Anche in Germania c’è una «emergenza» collegata all’arrivo di migranti. È quella del moltiplicarsi di fenomeni di intolleranza e violenza razzista. Nel mirino rifugiati e richiedenti asilo, ma anche gli attivisti che si mobilitano in loro aiuto: come Michael Richter, capogruppo della Linke nel consiglio comunale di Freital, cittadina della Sassonia, non lontano dal confine con la Repubblica ceca. Un lembo di quella provincia profonda della ex Ddr dove i neonazisti – variamente organizzati – si fanno sentire.

E anche se le indagini di polizia non hanno dato ancora nessun responso ufficiale, in pochi dubitano che siano proprio militanti di estrema destra i responsabili della grave intimidazione subita da Richter: nella notte fra domenica e lunedì la sua auto è stata fatta esplodere. Nessun danno a persone, per fortuna.

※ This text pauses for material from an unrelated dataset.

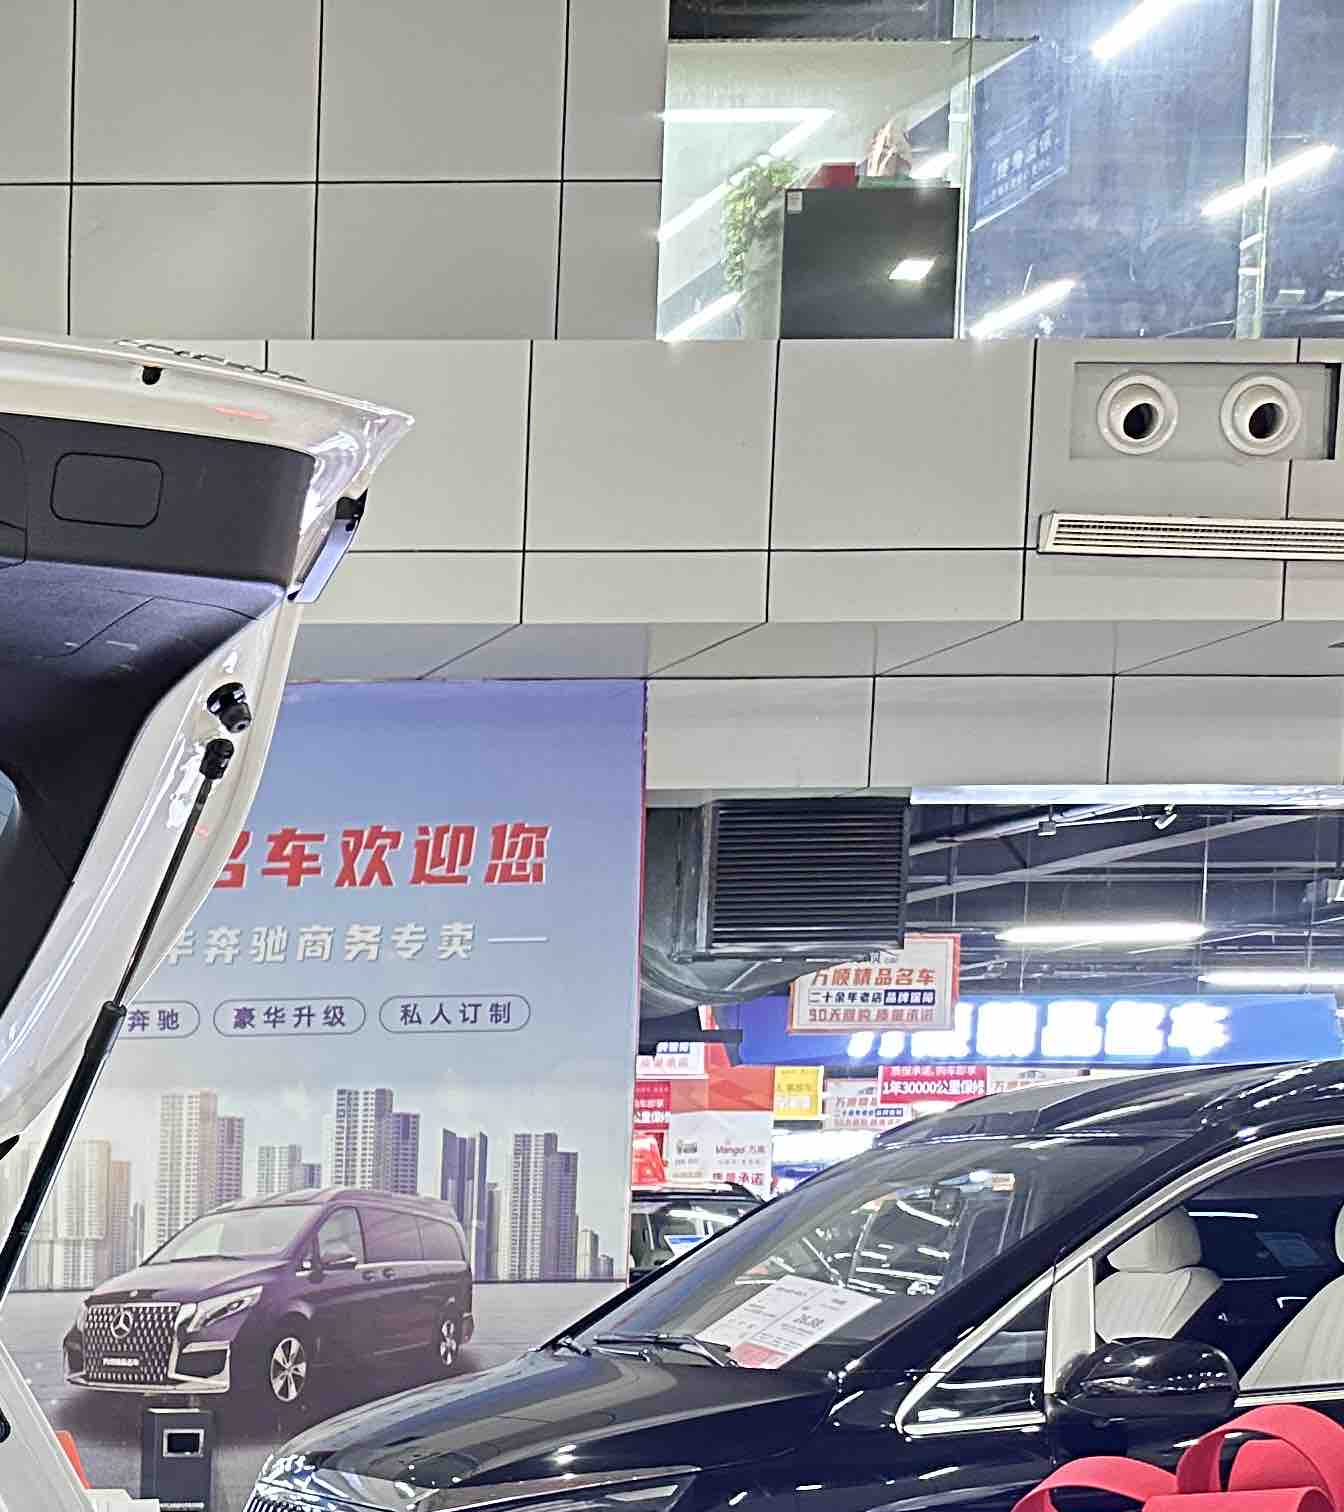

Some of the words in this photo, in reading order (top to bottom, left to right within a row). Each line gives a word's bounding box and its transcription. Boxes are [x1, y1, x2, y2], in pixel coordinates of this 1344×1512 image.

[811, 966, 937, 987] 万顺精品名车
[231, 1005, 348, 1031] 豪华升级
[398, 1001, 513, 1027] 私人订制

Il significato dell’inquietante gesto è chiarissimo: l’esponente della Linke è da sempre impegnato nella locale sezione della ong Pro Asyl, che si batte per i diritti dei richiedenti asilo, e a Freital è in corso un aspro scontro politico attorno all’accoglienza di migranti. Proprio in quella cittadina sassone di 40 mila abitanti viva il fondatore di Pegida, i «patrioti contro l’islamizzazione» scesi in piazza in migliaia nei mesi scorsi a Dresda.

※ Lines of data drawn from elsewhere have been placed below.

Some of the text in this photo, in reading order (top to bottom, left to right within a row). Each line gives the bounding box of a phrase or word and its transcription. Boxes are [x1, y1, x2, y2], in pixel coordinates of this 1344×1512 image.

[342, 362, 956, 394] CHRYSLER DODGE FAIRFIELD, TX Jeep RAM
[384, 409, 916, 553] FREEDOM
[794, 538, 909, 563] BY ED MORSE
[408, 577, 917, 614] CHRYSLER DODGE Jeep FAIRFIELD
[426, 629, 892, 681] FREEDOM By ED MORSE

Nulla di nuovo, dunque, ma ciò che preoccupa è l’escalation: il co-segretario della Linke Bernd Riexinger ha denunciato «una nuova ondata di terrorismo fascista e di razzismo». A sinistra si fa il paragone con le violenze dei primi anni Novanta, il cui apice fu l’assalto al centro di accoglienza di Rostock nell’agosto del ’92. Ora come allora, i neonazisti scatenati nelle strade della Germania orientale (nel fine settimana si sono registrati attacchi in Brandeburgo, Turingia e Sassonia, bilancio di 4 siriani feriti) e il mondo politico intento a discutere di regole più restrittive in tema di asilo e immigrazione. Il governatore dell’Assia Volker Bouffier, esponente dell’ala dura della Cdu della cancelliera Angela Merkel, ha proposto di limitare le poche forme di elementari sussidi ai profughi per «ridurre l’effetto-chiamata» verso la Germania. Meno brutale, ma con la stessa finalità, è la proposta ufficiale dei democristiani (compresa la Csu bavarese): riconoscere ufficialmente una serie di stati dei Balcani come «Paesi sicuri».

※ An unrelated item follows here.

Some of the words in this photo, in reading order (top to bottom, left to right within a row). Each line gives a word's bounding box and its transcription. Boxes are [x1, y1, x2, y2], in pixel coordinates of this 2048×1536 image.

Quale sarebbe l’effetto di tale dichiarazione? Presto detto: i richiedenti asilo provenienti da Serbia, Macedonia, Albania e Kosovo non avrebbero più chance di vedersi riconosciuto il diritto a restare sul suolo tedesco. E perché proprio di quegli stati si parla? Perché è da lì che negli ultimi mesi sta giungendo quasi la metà di migranti che mandano in tilt una Germania incapace di accoglierli. Secondo i dati dell’Ufficio federale per le migrazioni, da gennaio a giugno si contano circa 21mila albanesi (in maggioranza rom), e da Serbia e Macedonia sono il 60% in più rispetto al 2014 (e di nuovo, in maggioranza sono rom). In totale, dall’inizio dell’anno i richiedenti asilo sono 180mila, e si calcola che il loro numero nei prossimo sei mesi superi i 400mila. La legge tedesca prevede che possano fermarsi nella Repubblica federale solo le persone che fuggono da Paesi considerati «pericolosi» (come la Siria): altrimenti, c’è il rimpatrio.

Per fortuna, ci sono anche partiti e istituzioni che si preoccupano di migliorare l’accoglienza dei migranti, da qualunque parte provengano. È il caso di due esecutivi regionali in particolare: quello del Baden-Württemberg, dove l’amministrazione è guidata dal verde Winfried Kretschmann, e la Turingia del governatore della Linke Bodo Ramelow. Sono i Länder più attivi nell’organizzare soluzioni concrete, ma anche nel chiedere al governo federale maggiori risorse da poter destinare ai comuni per fare fronte ai costi crescenti. E si fanno sentire anche le organizzazioni antirazziste, che denunciano le norme Ue (il «Regolamento di Dublino») che impediscono ai richiedenti asilo di poter cercare lavoro e costruirsi una vita più dignitosa.